Start of Block

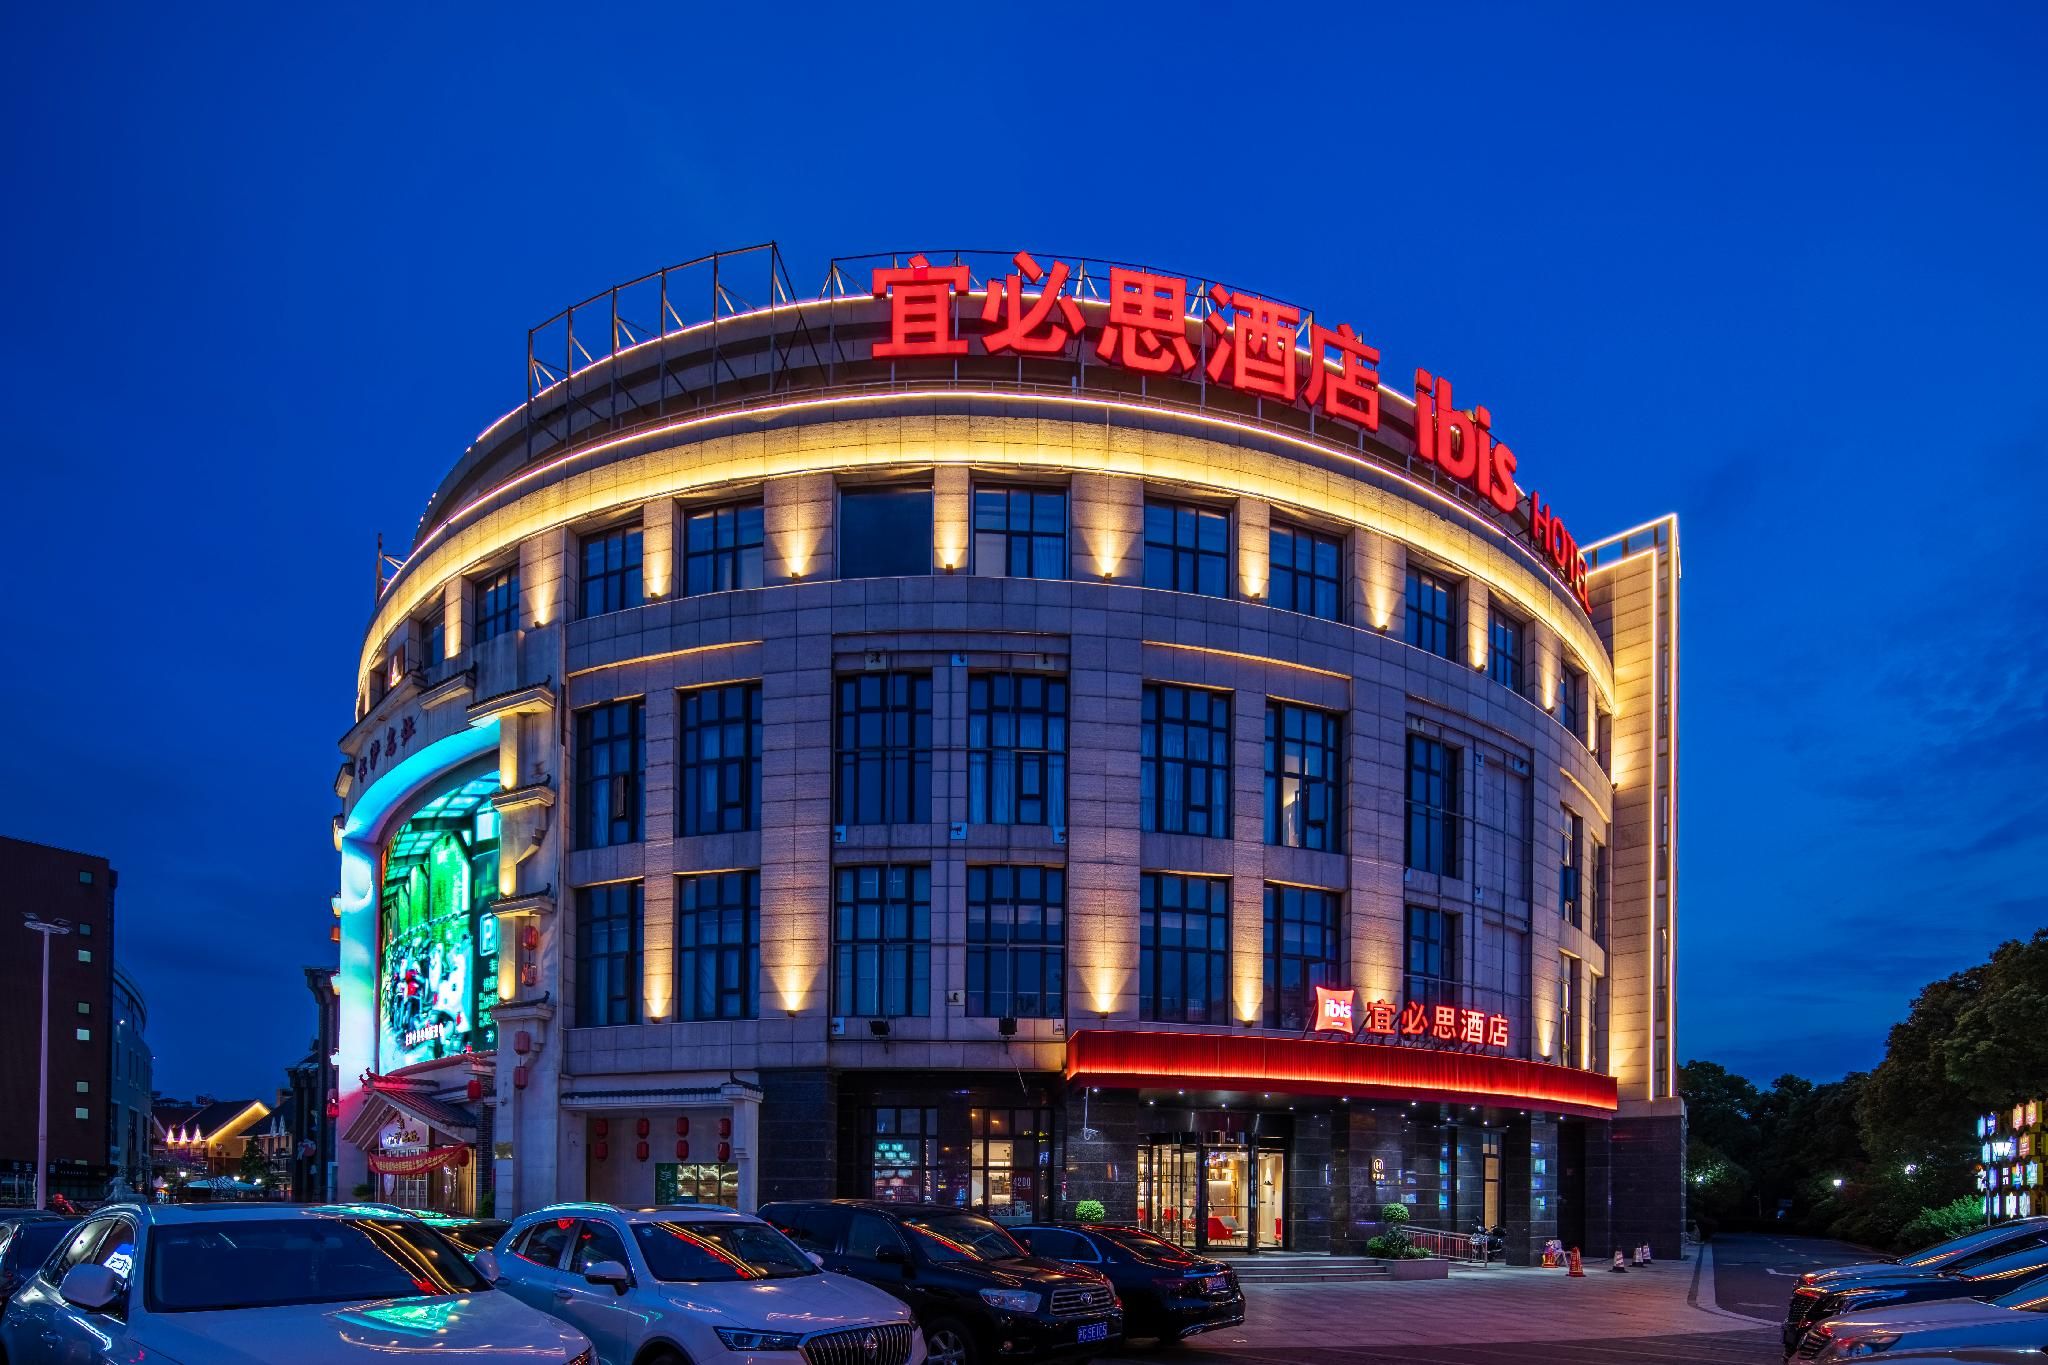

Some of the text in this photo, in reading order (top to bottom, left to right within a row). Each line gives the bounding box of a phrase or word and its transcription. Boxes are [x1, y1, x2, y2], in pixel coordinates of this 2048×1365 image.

[871, 251, 1380, 432] 宜必思酒店
[1415, 368, 1593, 615] ibis HOTEL
[1324, 999, 1353, 1019] ibis
[1366, 998, 1509, 1048] 宜必思酒店
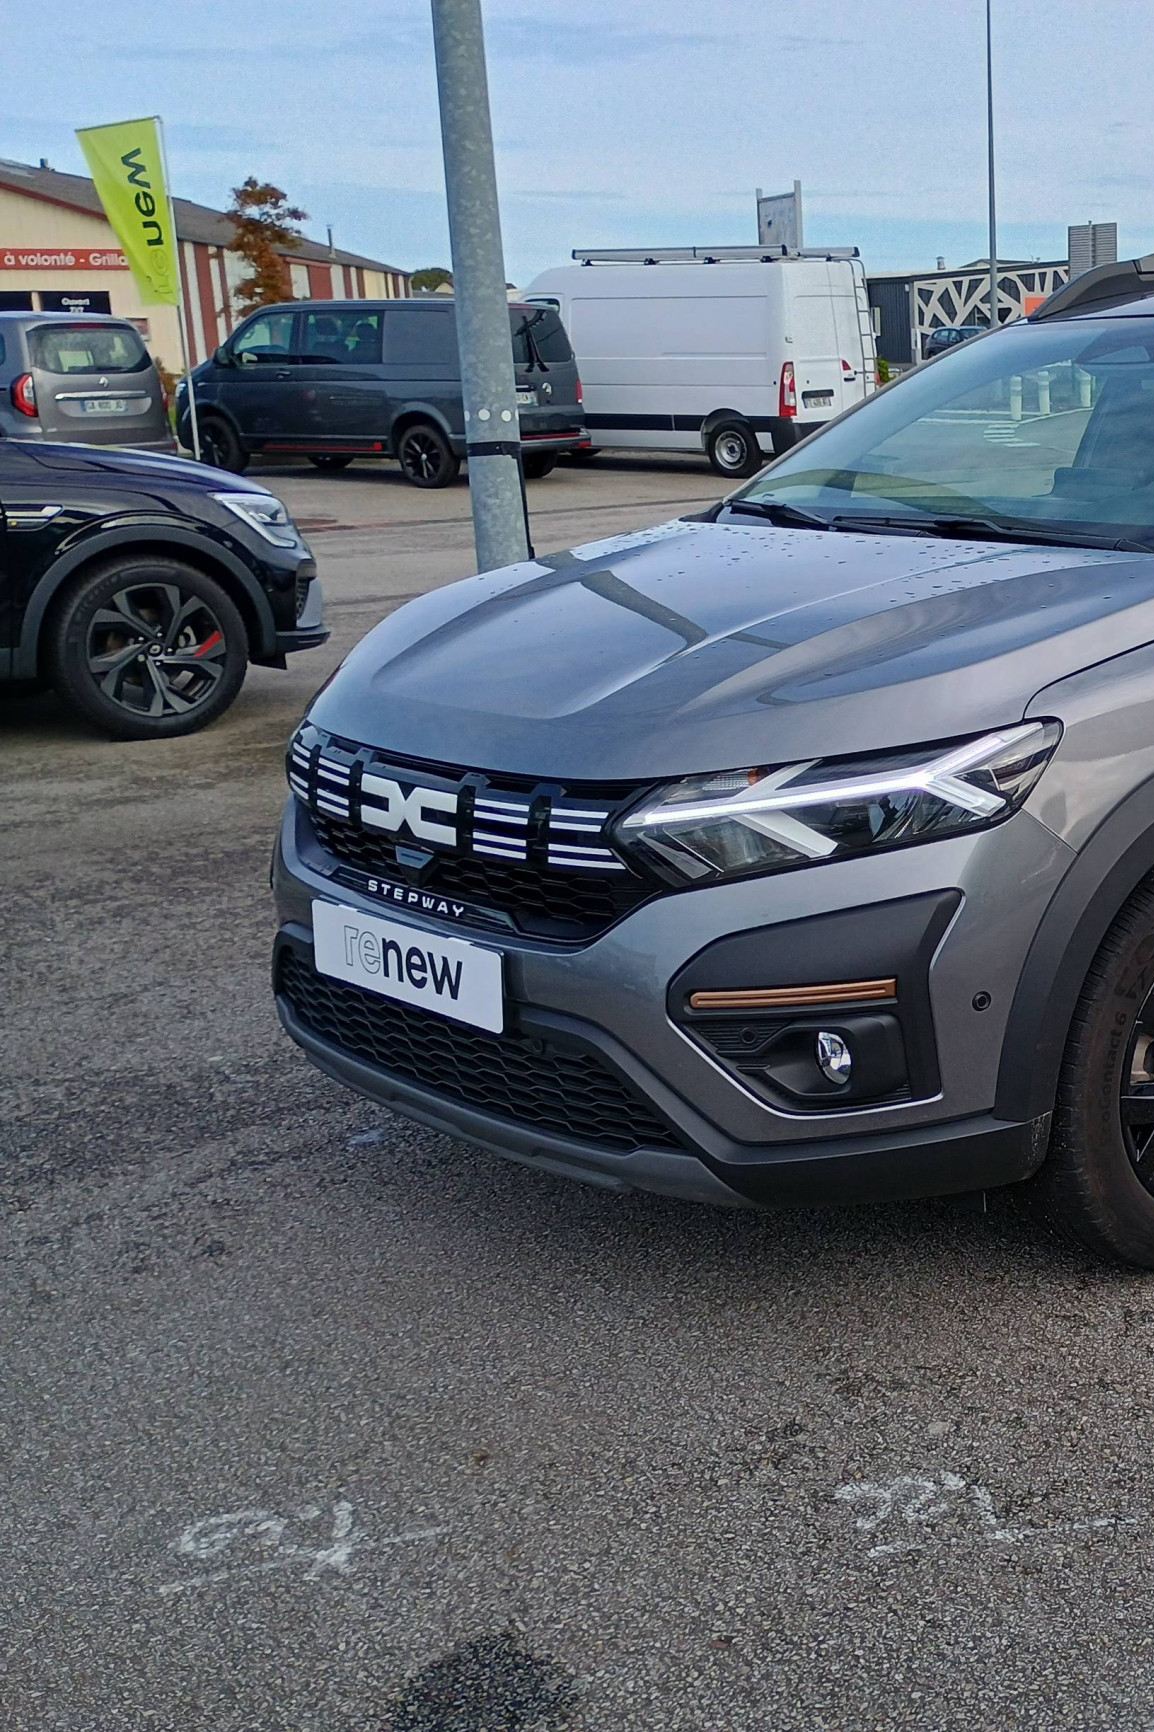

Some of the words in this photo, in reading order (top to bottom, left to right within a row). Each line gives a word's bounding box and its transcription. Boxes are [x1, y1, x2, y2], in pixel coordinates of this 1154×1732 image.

[4, 251, 15, 266] à
[19, 251, 75, 266] volonté
[367, 879, 465, 918] STEPWAY
[343, 925, 464, 1001] renew
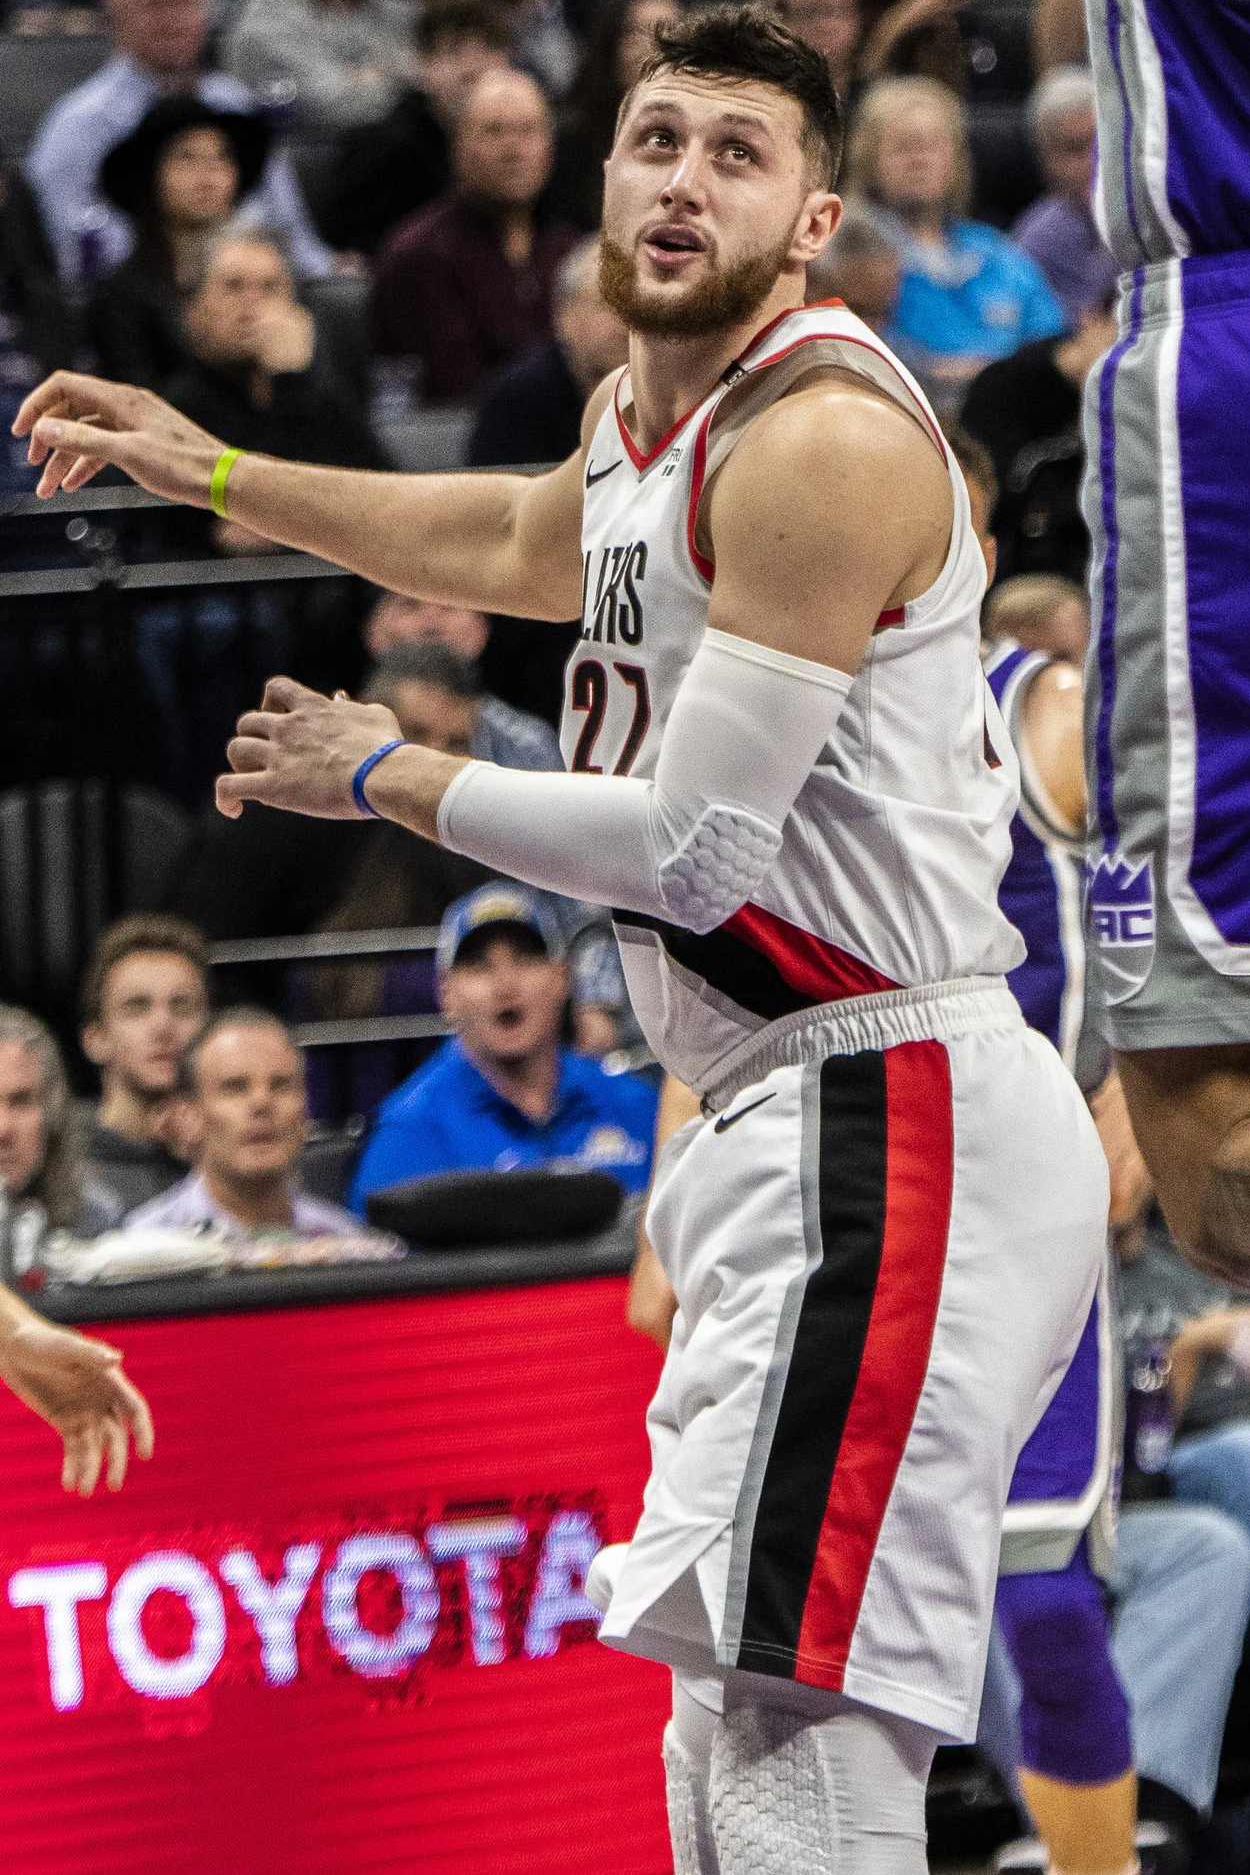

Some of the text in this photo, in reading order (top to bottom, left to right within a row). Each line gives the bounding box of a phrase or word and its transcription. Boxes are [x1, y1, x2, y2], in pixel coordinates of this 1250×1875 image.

[572, 659, 651, 777] 27
[1092, 909, 1153, 942] AC
[8, 1509, 604, 1712] TOYOTA

End of Block

EXERCISE AIM — An exact, word-for-word version of the material is required, free of pictures.

COMPLETED TASK —
Some of the text in this photo, in reading order (top to bottom, left to right within a row). Each line gives the bounding box of a phrase or word and its transcription. Boxes are [x1, y1, x2, y2], in pixel coordinates of this 2048×1365 image.

[871, 251, 1380, 432] 宜必思酒店
[1415, 368, 1593, 615] ibis HOTEL
[1324, 999, 1353, 1019] ibis
[1366, 998, 1509, 1048] 宜必思酒店

Some of the words in this photo, in reading order (top to bottom, left to right within a row). Each line gives a word's bounding box and its transcription. Boxes are [x1, y1, x2, y2], in pixel coordinates of this 1154×1732 image.

[4, 251, 15, 266] à
[19, 251, 75, 266] volonté
[367, 879, 465, 918] STEPWAY
[343, 925, 464, 1001] renew

Some of the text in this photo, in reading order (top to bottom, left to right within a row). Each line gives the bounding box of a phrase or word and its transcription. Boxes are [x1, y1, x2, y2], in pixel coordinates of this 1250×1875 image.

[572, 659, 651, 777] 27
[1092, 909, 1153, 942] AC
[8, 1509, 604, 1712] TOYOTA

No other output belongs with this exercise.